En el Plan además se establecen las condiciones para la implantación en suelo rústico de intervención en las Edificaciones Tradicionales, entre las que se incluyen las siguientes:
- Como mínimo se llevará a cabo en edificaciones que figuren en el Inventario de Patrimonio etnográfico (Anexo II de la Memoria de Informaciuón del Plan Especial) sin perjuicio de las que figuren en el Catálogo de Edificaciones Protegidas de los Planes Generales de Ordenación o Instrumento de Ordenación de los Espacios Naturales Protegidos). En el caso del Parque Rural figura en el anexo II como Inventario de Patrimonio Etnográfico el conjunto de casas de El Guro, Caserío de Las Viñas - en La Vizcaína (siete casas y pajeros ), Casas de Chelé, Molino de Las Ávilas y La Erita (en El Hornillo), Molino de La Vizcaína.
- Que los terrenos donde se ubique cuente con infraestructura y/o redes generales en condiciones técnicas y de seguridad óptimas para materializar el aprovechamiento turístico o tengan condiciones de mejora o rehabilitación (acceso rodado, conexión a la red general de abastecimiento de agua, de saneamiento, de electricidad,etc.)
También se reconoce en el ámbito del Parque Rural como Actividad Turística
Complementaria (ATC) en el Plano de Ordenación Territorial nº 9, bajo el epígrafe de Ecoturismo el centro de Recuperación del Lagarto Gigante que actualmente funciona en la
Parque Rural
Valle de Gran Rey
trasera del Charco del Cieno y como turismo recreativo los miradores de El Palmarejo y a cota más inferior el situado en una curva pronunciada de la carretera. Además incorpora a la Red de Sendero Turísticos de la isla los senderos S-14 (Arure- La Mérica –Valle Gran Rey) y S-15 (Las Hayas- Guadá- Valle Gran Rey). Dichos senderos deberán estar recogidos en el Plan Rector y establecer un régimen de usos tendente a su rehabilitación y garantía de conservación como actividad turística., se deberá garantizar su permanencia sin que pueda ser variado su configuración y trazado salvo por razones de protección de los valores naturales. La circulación a motor estará prohibida en los citados senderos turísticos (art.76.2).

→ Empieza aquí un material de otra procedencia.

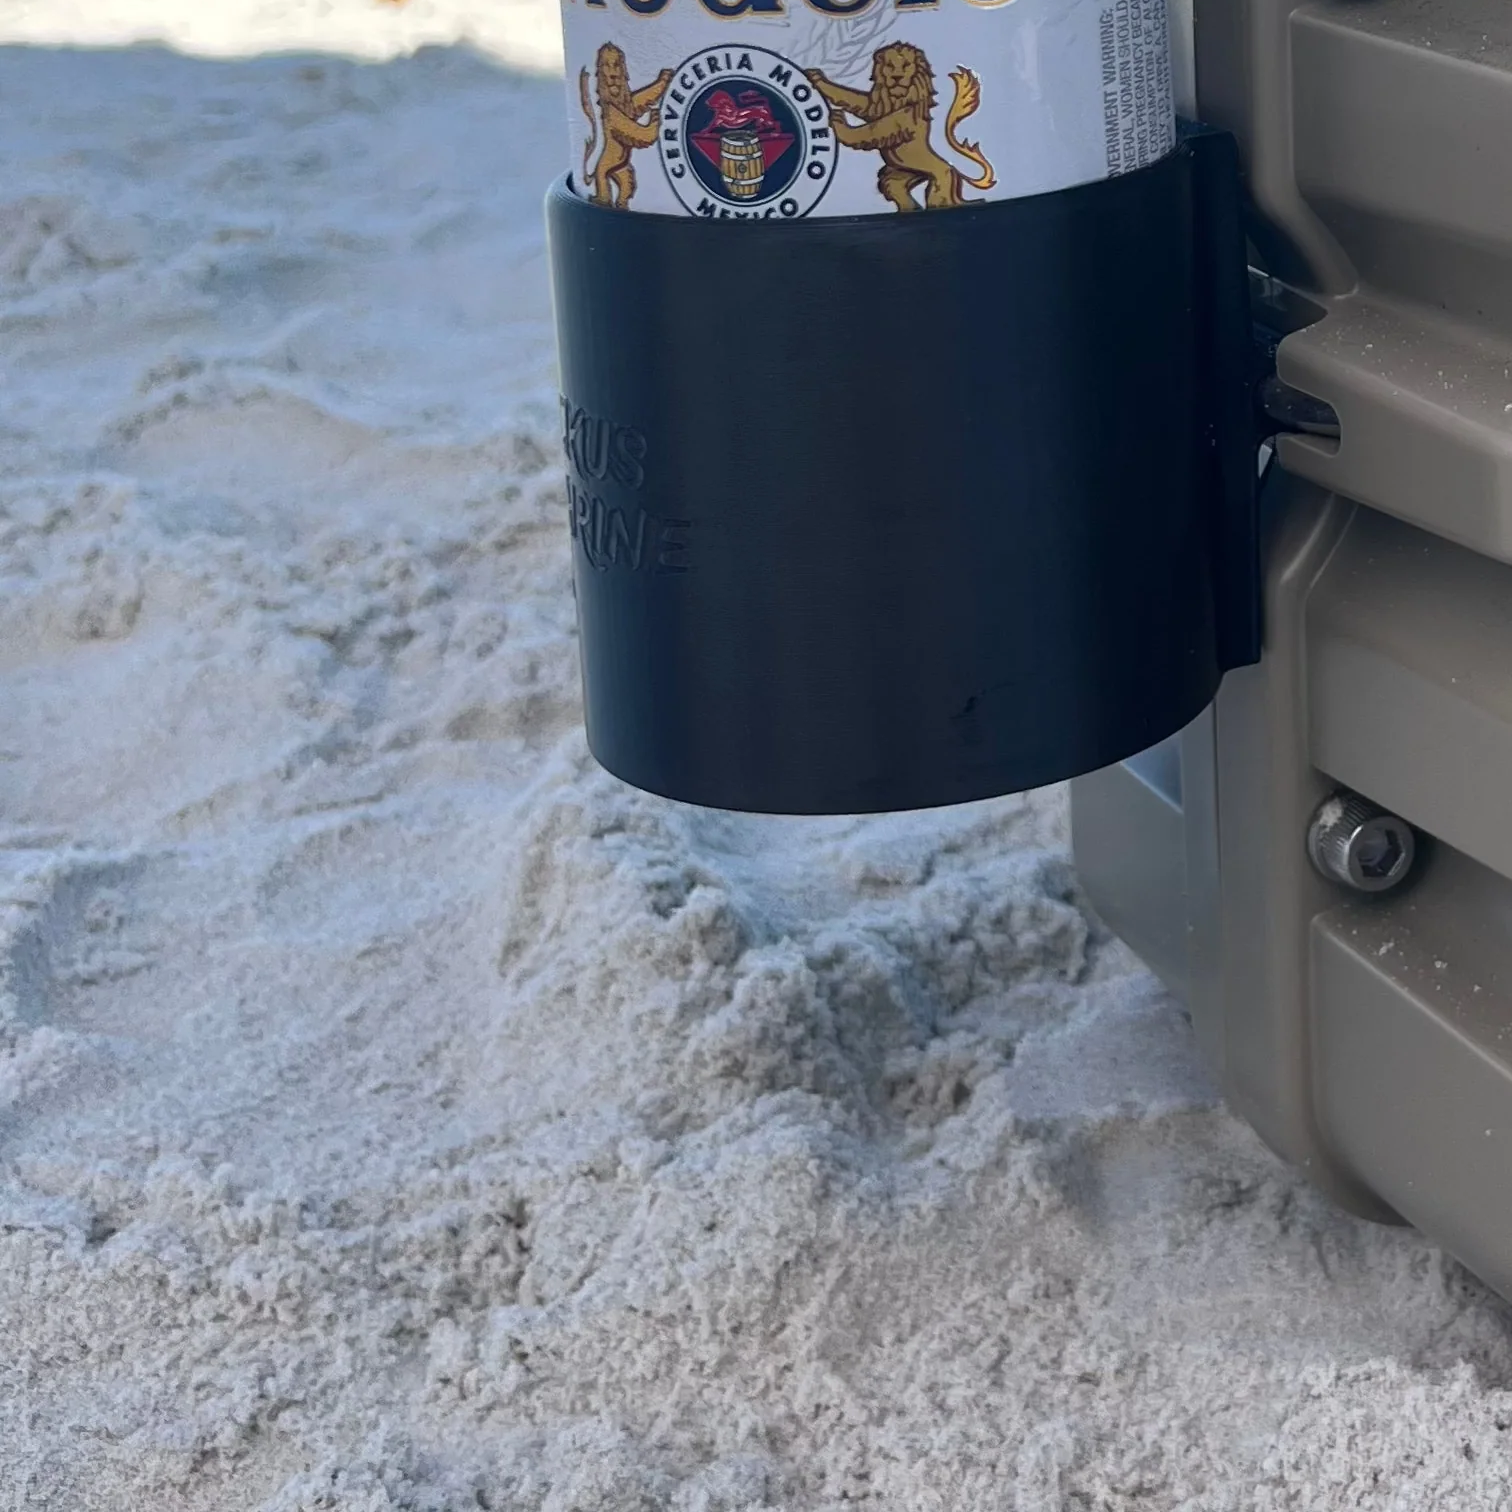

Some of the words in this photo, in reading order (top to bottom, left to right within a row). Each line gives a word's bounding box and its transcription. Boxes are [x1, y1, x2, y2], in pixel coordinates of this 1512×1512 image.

[1101, 8, 1117, 86] WARNING:
[1117, 0, 1129, 59] SHOULD
[664, 53, 754, 179] CERVECERIA
[768, 64, 831, 180] MODELO
[1120, 60, 1133, 118] WOMEN
[1124, 118, 1138, 172] NERAL,
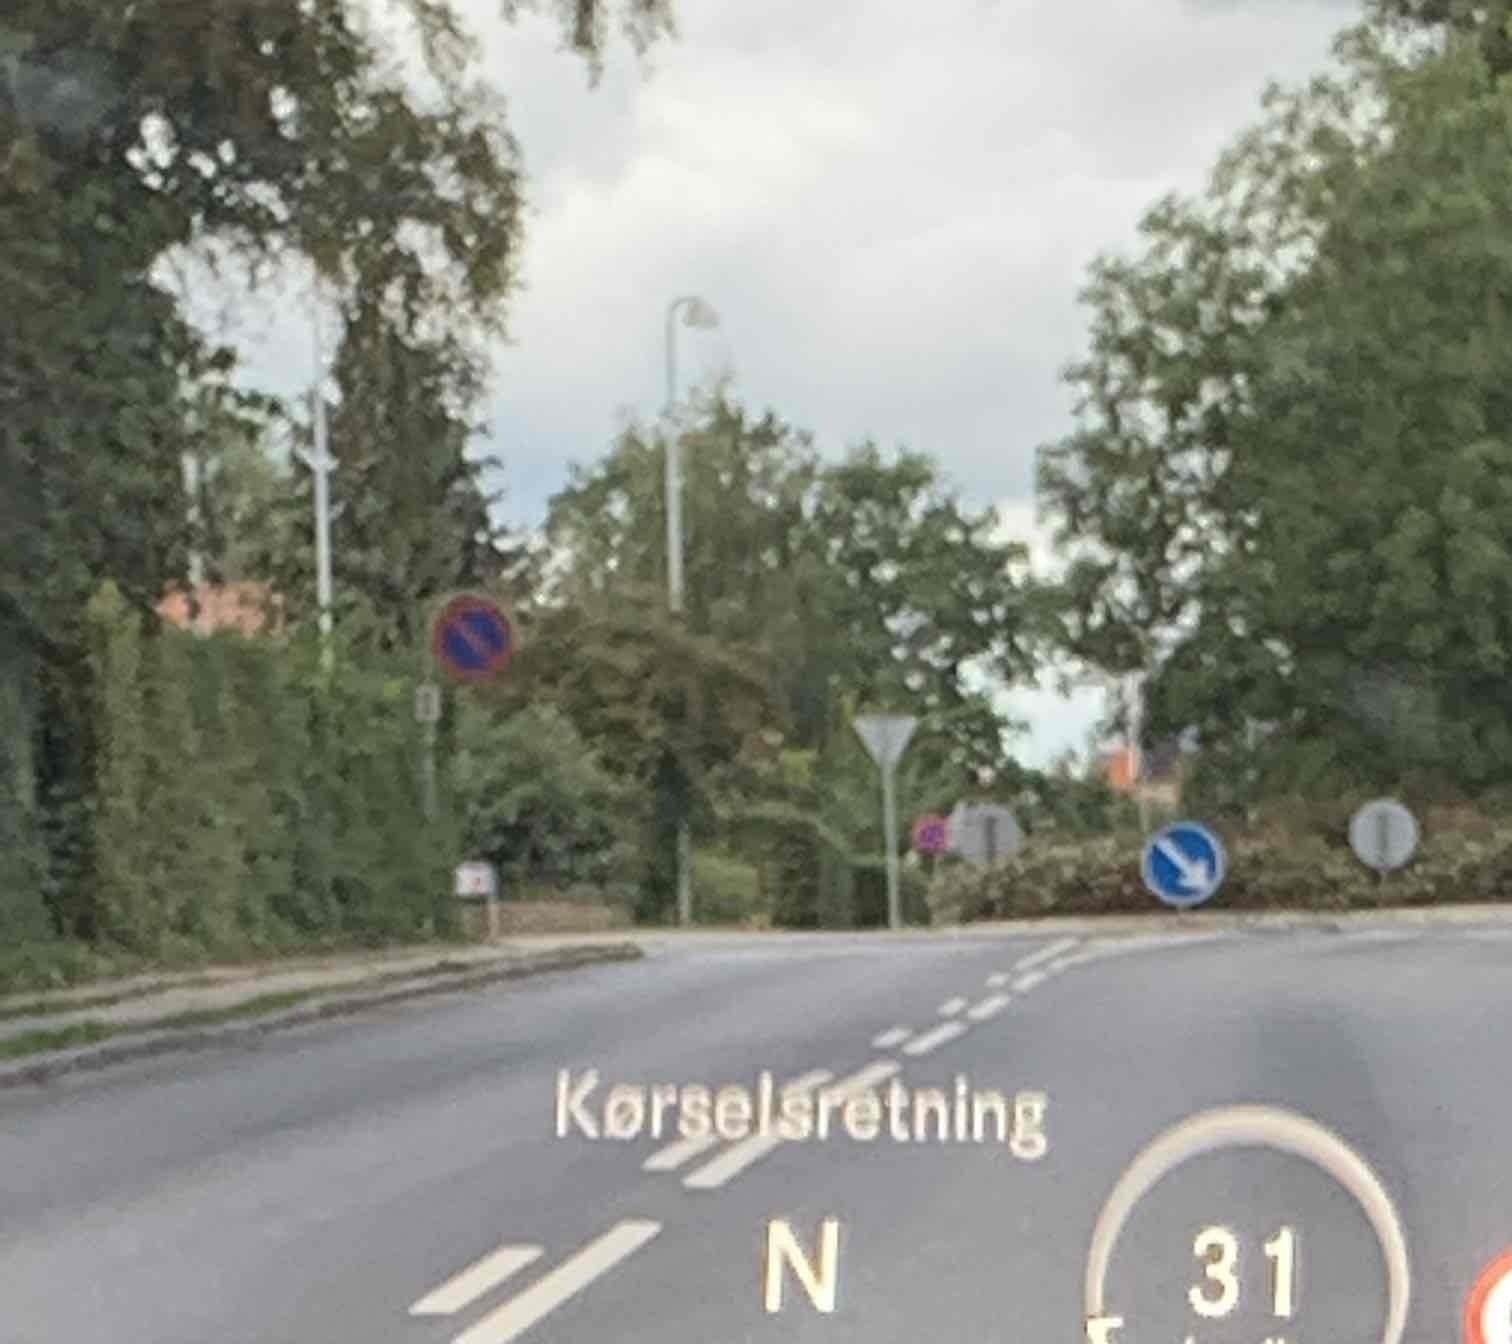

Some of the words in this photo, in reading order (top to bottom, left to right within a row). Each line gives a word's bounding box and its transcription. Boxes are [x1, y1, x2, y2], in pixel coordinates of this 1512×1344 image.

[555, 1068, 1049, 1160] Kørselsretning
[763, 1218, 840, 1312] N
[1189, 1226, 1298, 1317] 31
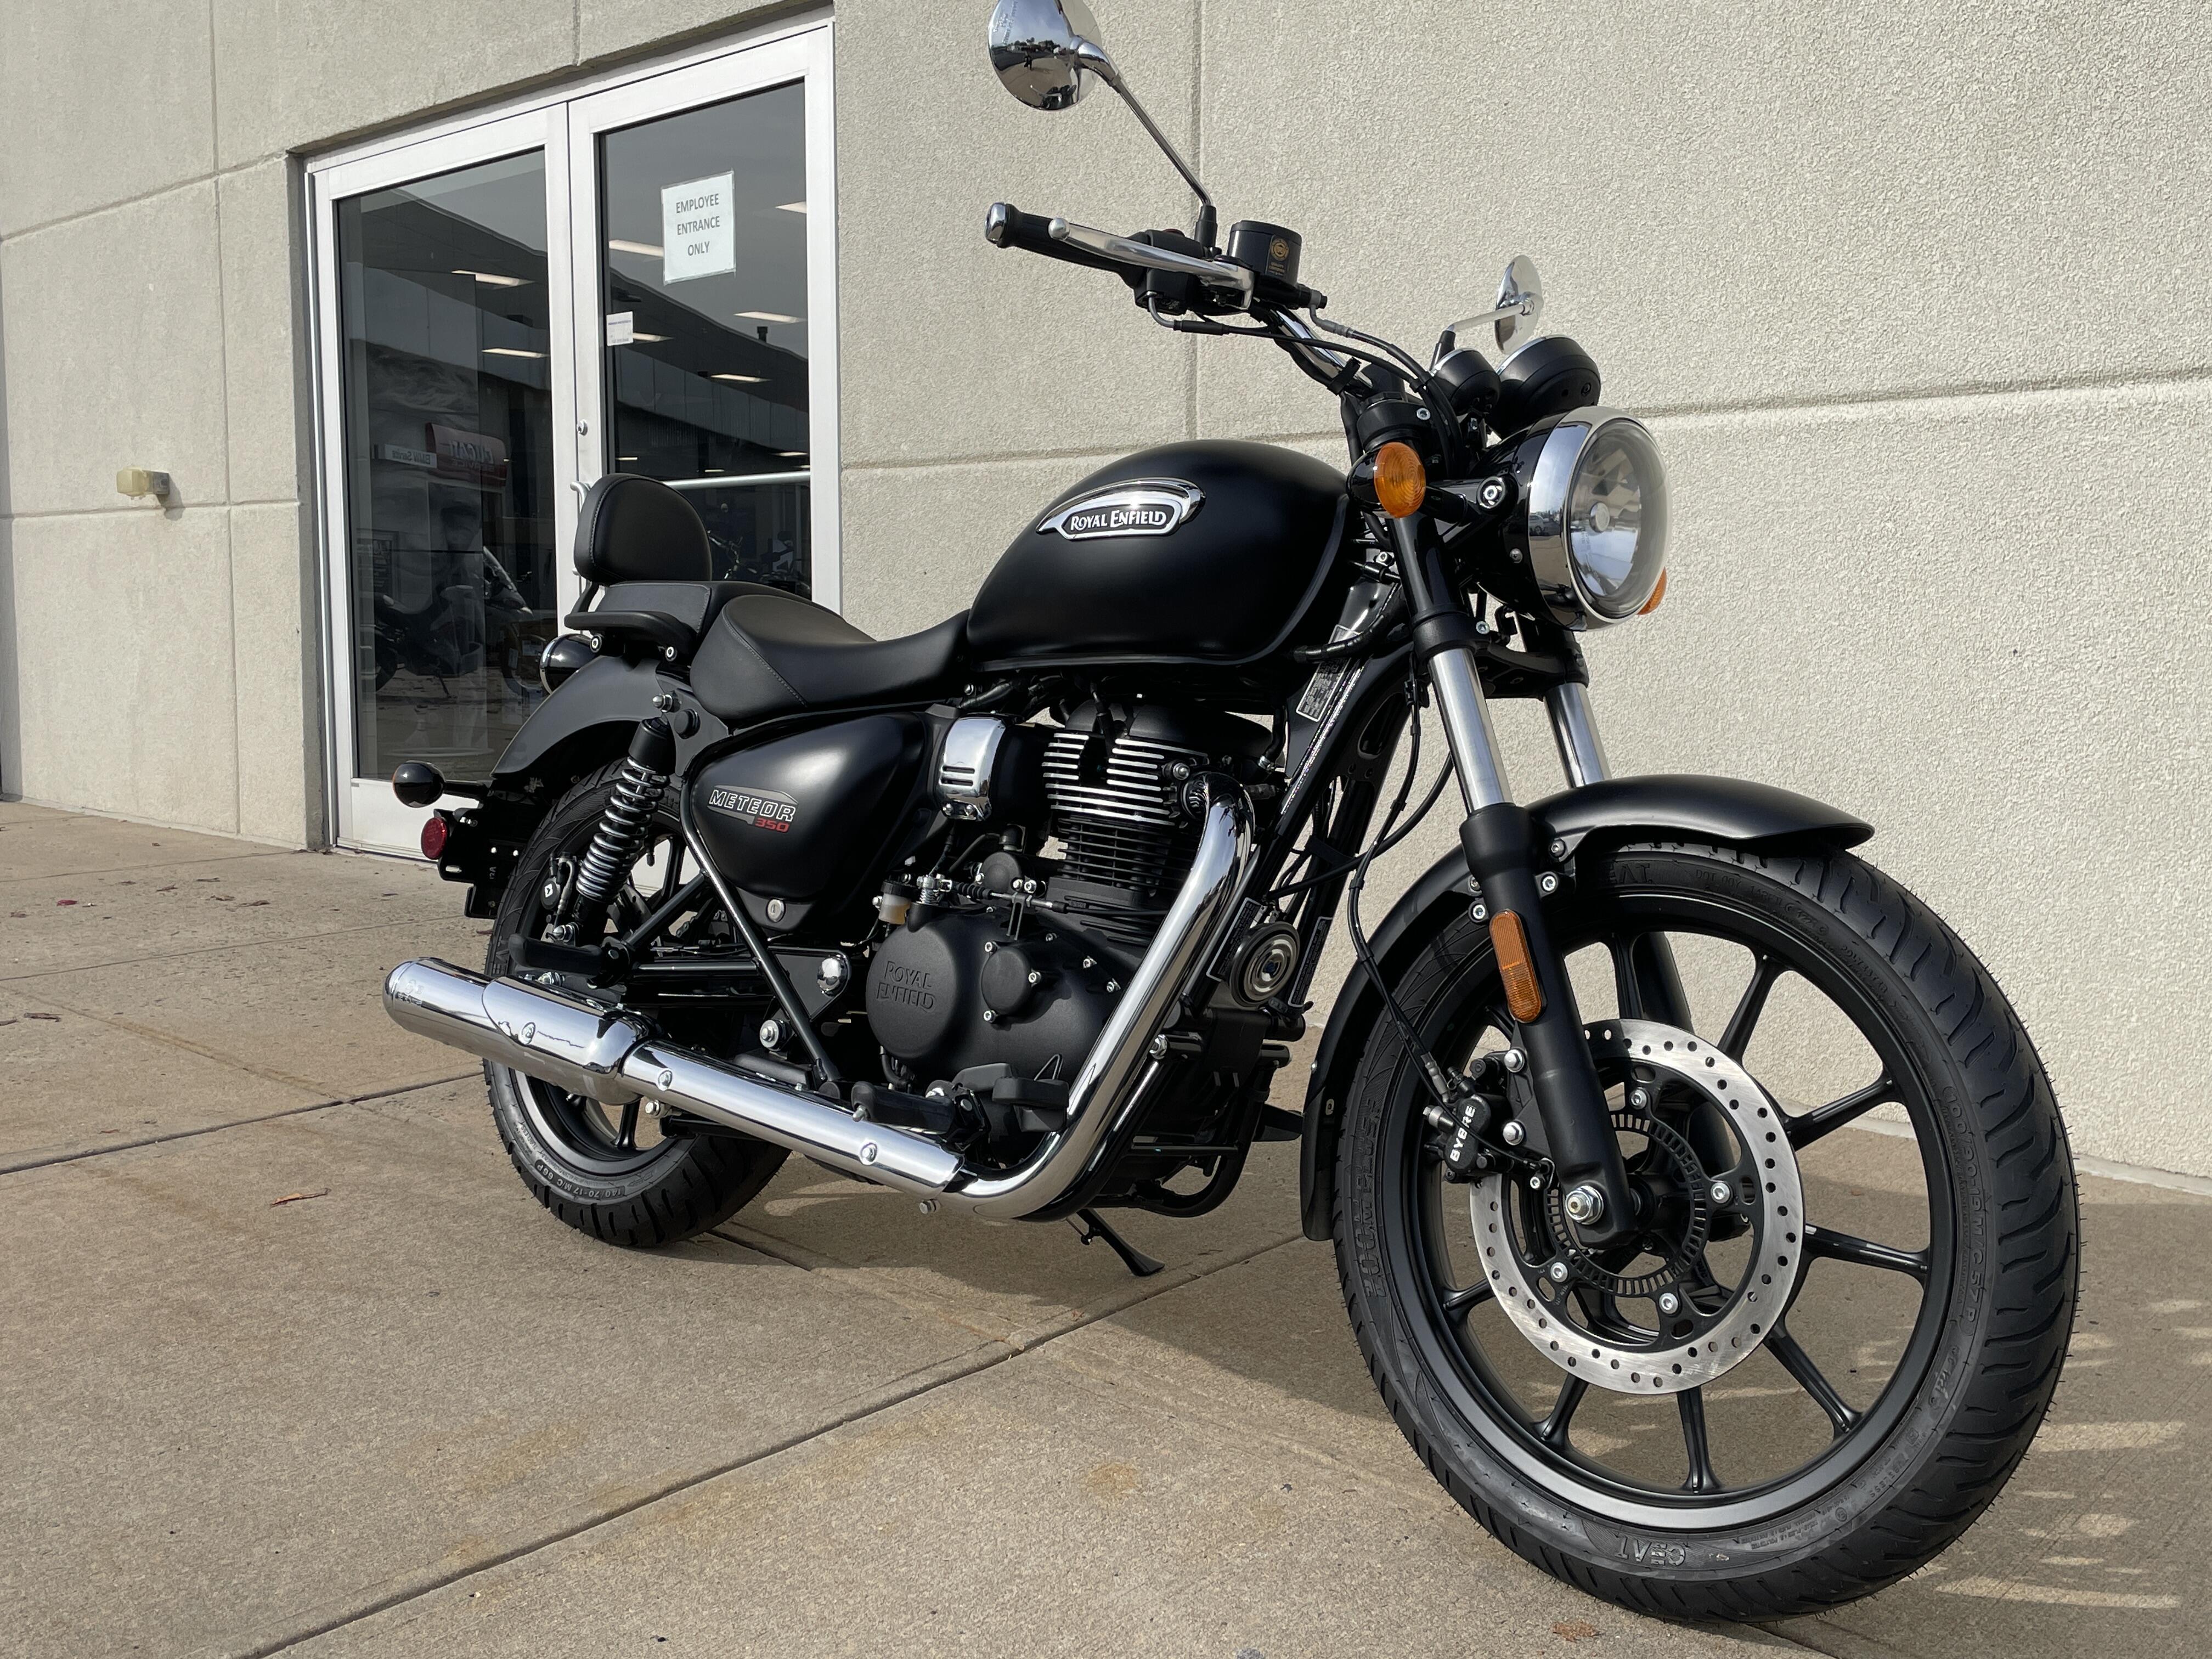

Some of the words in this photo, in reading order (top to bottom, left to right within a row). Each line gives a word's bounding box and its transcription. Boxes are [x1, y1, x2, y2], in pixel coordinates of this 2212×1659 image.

[676, 193, 719, 213] EMPLOYEE
[677, 216, 720, 235] ENTRANCE
[687, 241, 710, 256] ONLY
[1070, 514, 1108, 531] ROYAL
[1109, 510, 1167, 528] ENFIELD
[709, 789, 796, 822] METEOR
[754, 817, 790, 833] 350
[1695, 869, 1717, 883] DOT
[884, 960, 932, 989] ROYAL
[876, 981, 936, 1012] ENFIELD
[1449, 1104, 1476, 1162] BYBRE
[536, 1163, 554, 1181] 66P
[556, 1178, 572, 1191] M/C
[573, 1187, 622, 1198] 140/70-17
[1353, 1198, 1387, 1298] ZOOM
[1615, 1536, 1685, 1566] CEAT

Con relación a los campamentos de turismo (art. 55) sólo se permiten en la isla campamentos de turismo de Lujo o de Primera categoría, estando especialmente prohibidos en Espacios Naturales Protegidos, o en sus zonas periféricas de protección o zona de afección. No obstante, en la propuesta de ordenación del Plan Rector de Uso y Gestión del Parque se señala una Zona de Uso General en la trasera del Charco del Cieno, cuyo destino es adecuarlo para la instalación de un área de acampada y de servicios vinculado a ello. Tal lugar, por su ubicación, ofrece la posibilidad de regular y dar solución a la demanda de uso público que afecta especialmente a la Playa de Inglés, sometida a la presión de la intensidad de la visita, del tráfico rodado y acampada ilegal. Paralelo a ello, supondría un beneficio para las tareas de restauración ecológica que se precisan en la playa y en su entorno y que el plan recoge como medida a acometer desarrollando un proyecto específico. Además, se da la circunstancia de contar con el interés en la instalación y en el desarrollo de la actividad manifestado en la consulta y participación pública por parte de los propietarios de la finca.